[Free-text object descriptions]
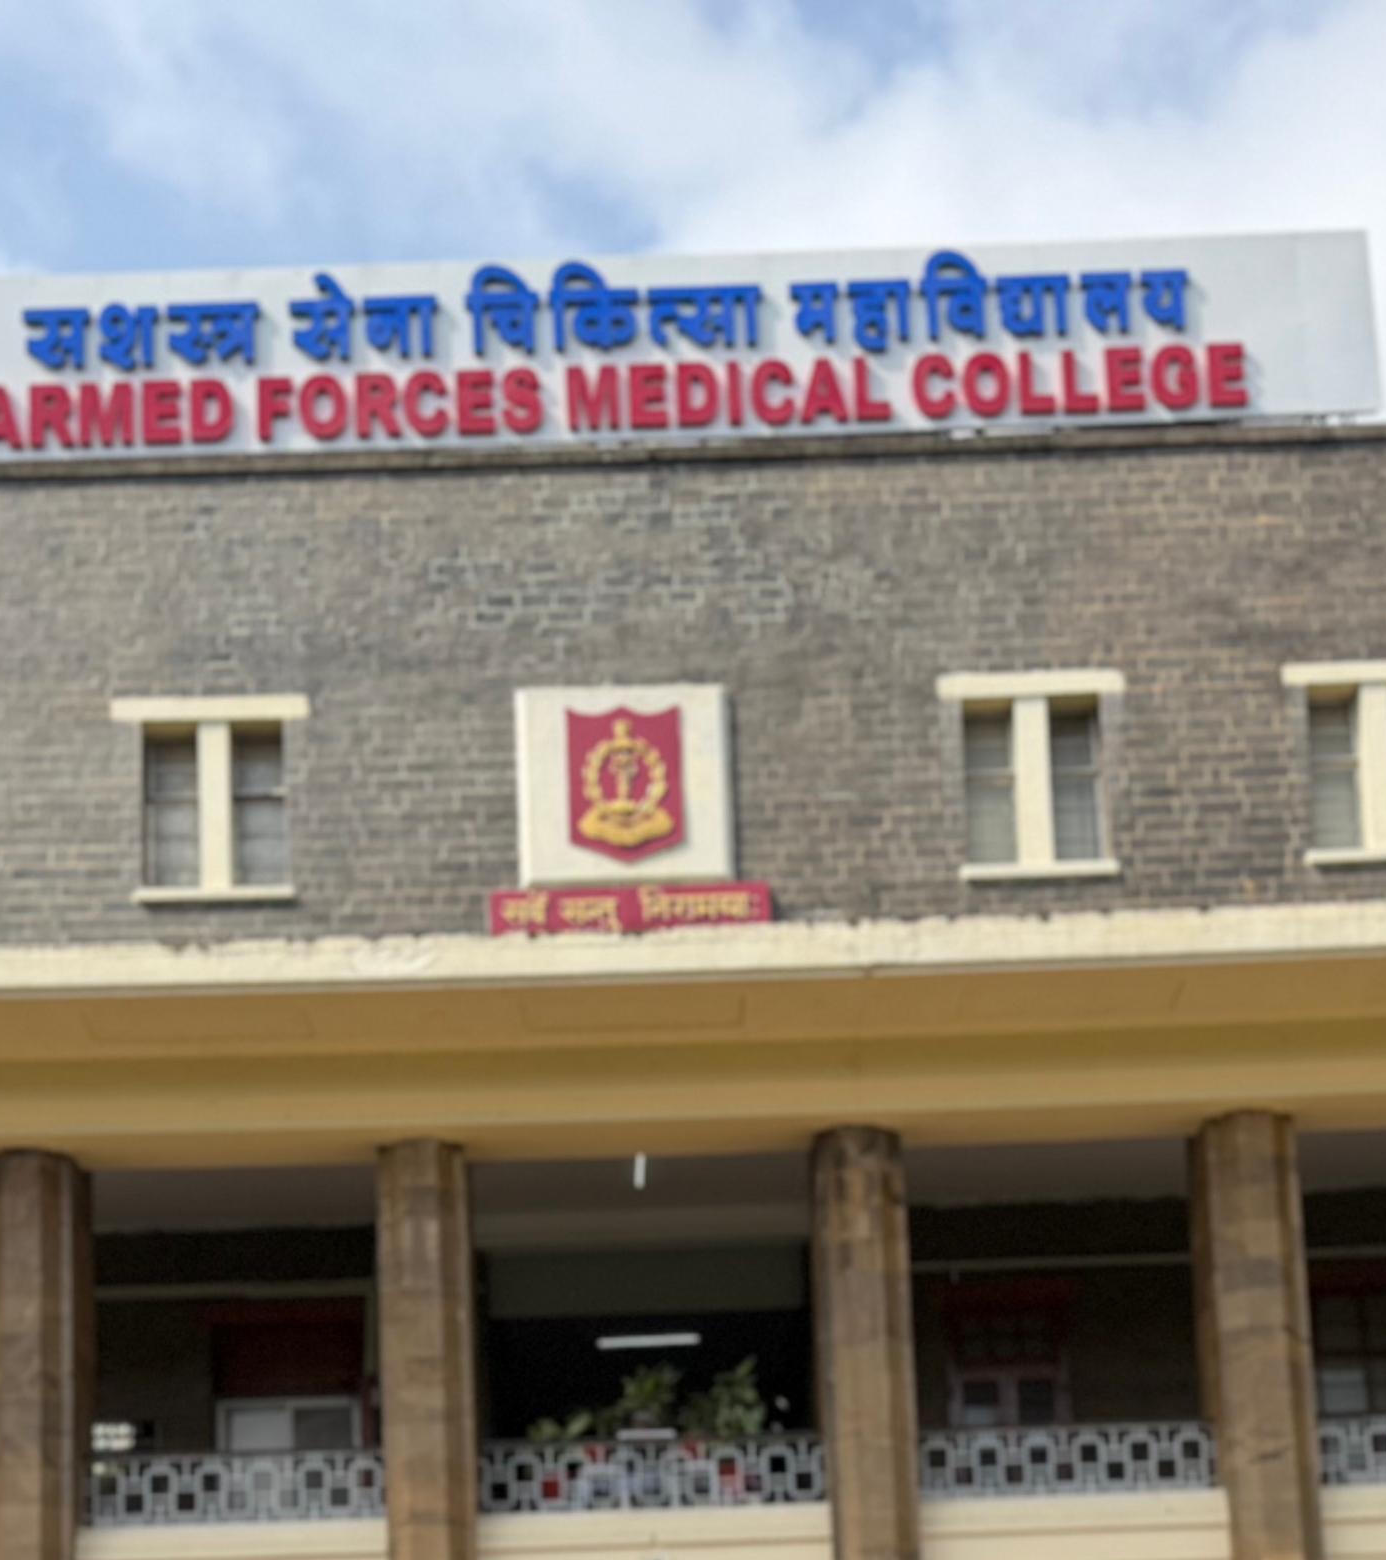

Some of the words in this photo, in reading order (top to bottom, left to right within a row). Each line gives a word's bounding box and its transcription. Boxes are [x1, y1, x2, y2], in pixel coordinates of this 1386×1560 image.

[22, 300, 262, 371] सशस्त्र
[288, 273, 439, 360] सेना
[464, 261, 764, 356] चिकित्सा
[788, 249, 1190, 353] महाविद्यालय
[256, 366, 545, 441] FORCES
[564, 357, 894, 431] MEDICAL
[911, 342, 1250, 420] COLLEGE

WORK TO COMPLETE:
Copy every line of the records exactly as it is written, but not the pictures.

THE ANSWER:
Some of the words in this photo, in reading order (top to bottom, left to right within a row). Each line gives a word's bounding box and its transcription. Boxes are [x1, y1, x2, y2], in pixel coordinates of this 1386×1560 image.

[22, 300, 262, 371] सशस्त्र
[288, 273, 439, 360] सेना
[464, 261, 764, 356] चिकित्सा
[788, 249, 1190, 353] महाविद्यालय
[256, 366, 545, 441] FORCES
[564, 357, 894, 431] MEDICAL
[911, 342, 1250, 420] COLLEGE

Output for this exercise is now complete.